Он ехал сюда, испытывая горделивое чувство превосходства над Касьяновым, который потерял инициативу и лишь отбивался от Соловьева.
«Какие такие невиданные хитрости изобрел Соловьев, – думал по дороге на Божье озеро Голиков, – что смелый и сильный мужик дошел до истерики?.. Нет, у меня нервы будут покрепче, и голову я не потеряю тоже».
И вот с первого дня «император тайги» не даст ему ни минуты покоя. Запугав конвоиров (Голиков в этом теперь не сомневался), Соловьев отобрал пленного, которого везли в Ужур. А теперь – озорства ради – выкрал и самих конвоиров, хотя они ему, скорей всего, не нужны. По плану Соловьева банда Родионова ограбила Ново-Покровское и заставила чоновский отряд без роздыху нестись через всю тайгу…
Поиграв желваками, Голиков вспомнил четыре или даже пять мест в лесу, где Соловьев с Родионовым могли устроить засаду и перебить весь отряд. И Аркадий Петрович снова задумался над тем, почему Соловьев этого не сделал.
«Предположим, – рассуждал он, – Соловьев бы расстрелял нас из пулемета. Что было бы дальше?.. Красноярск прислал бы полгарнизона, Соловьеву пришлось бы надолго спрятаться в тайге. С запасами после зимы у него плохо. И гибель моего отряда обернулась бы голодом для бандитов. А пятьсот здоровенных мужиков – не зайцы, которые будут грызть кору».

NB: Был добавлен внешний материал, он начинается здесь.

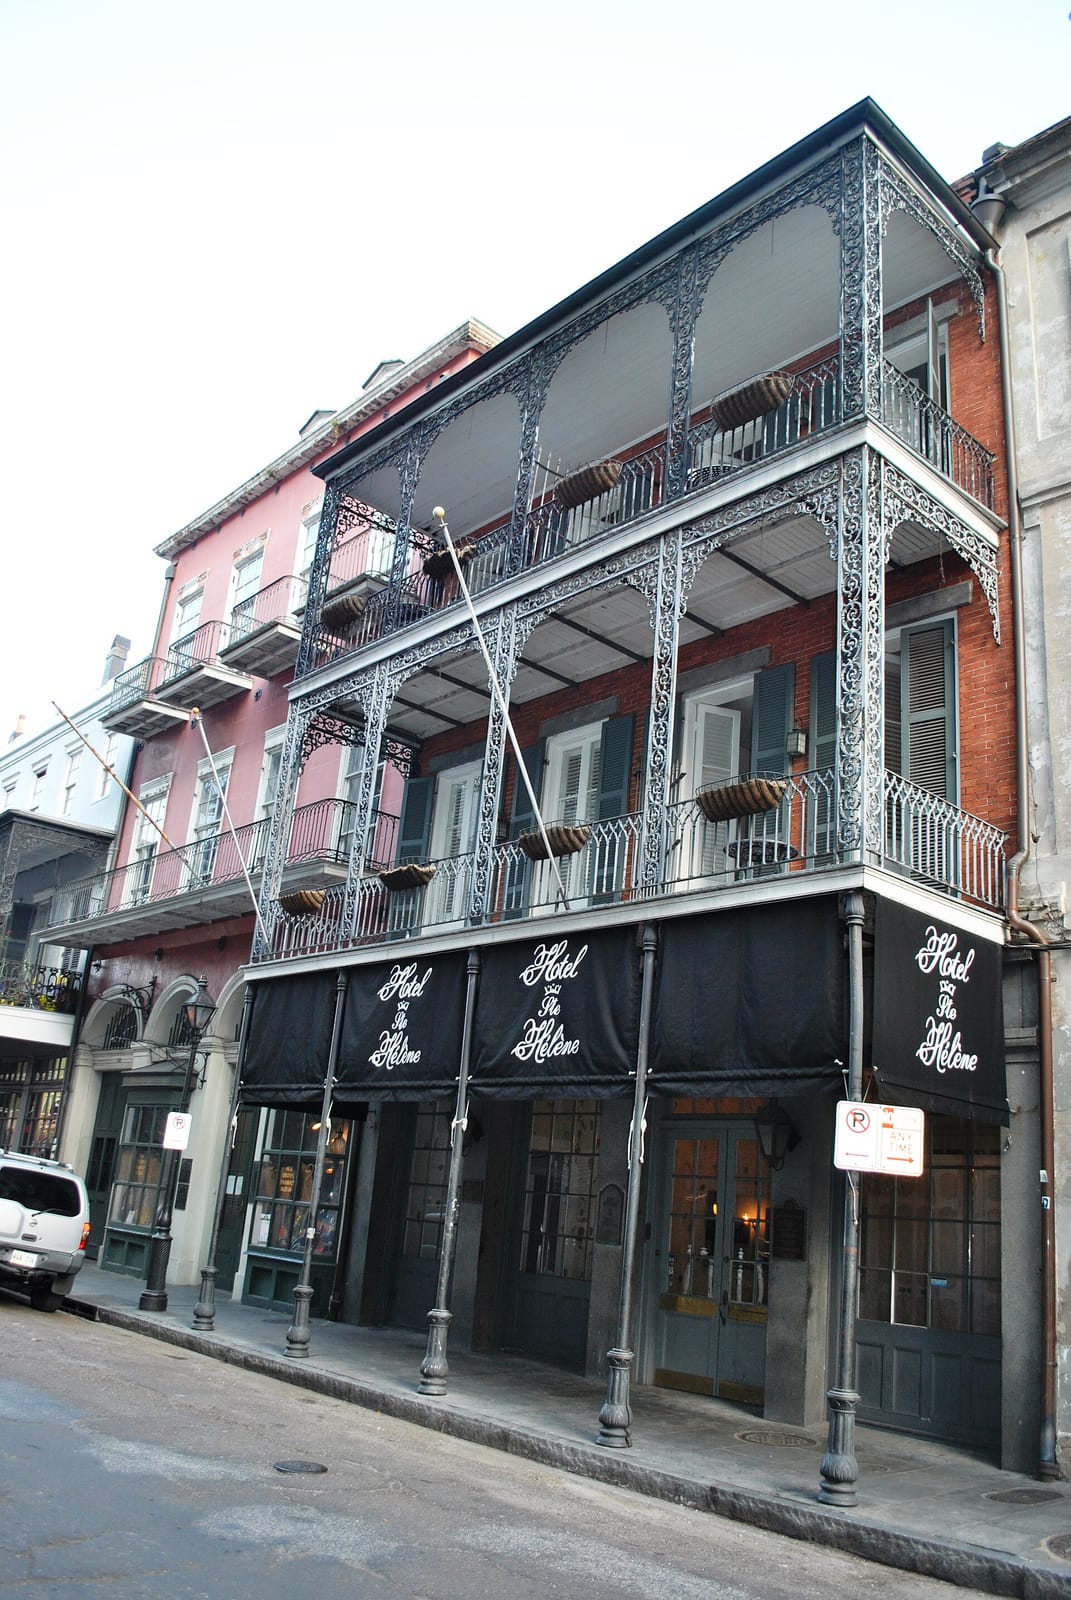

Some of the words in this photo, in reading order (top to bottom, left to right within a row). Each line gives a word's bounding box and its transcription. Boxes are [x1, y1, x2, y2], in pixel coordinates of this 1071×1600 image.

И чем больше Голиков думал о том, что произошло за минувшие дни, тем сильнее удивлялся, сколько изощренно продуманных ловушек приготовил ему «император тайги».
«Он посмеялся надо мной, дав понять, что подарил жизнь мне и моему отряду, – думал Голиков. – Соловьев был уверен, что я никому не покажу его письмо, из которого видно, что погоня по тайге была моей ошибкой. Эта ошибка могла стать смертельной. Значит, в следующий раз я десять раз подумаю, прежде чем пущусь следом за любым его отрядом.
Но и это не все. Даже отказавшись от приглашения приехать в гости, я, по замыслу Соловьева, вступлю с ним в молчаливый сговор. У нас с ним появятся как бы общие тайны. А за сохранение каждой такой тайны, полагает «император», мне придется платить…»
Голикова бросило в жар, когда он вспомнил, каким же беспомощным лепетом ответил Соловьеву. Правда, ответ он писал в надежде выявить агента, который заберет пакет.
И снова он, Голиков, попал впросак. Агент оказался «человеком-невидимкой» – прямо как у Герберта Уэллса. А Соловьев, получив ответ, небось катался от хохота по полу: «Нашли, кого прислать вместо георгиевского кавалера. «Я лучше из Июса напьюсь…» Как будто я только и приглашал его сюда, чтобы пить водку!..»
В досаде на себя Аркадий Петрович сбросил одеяло и сел.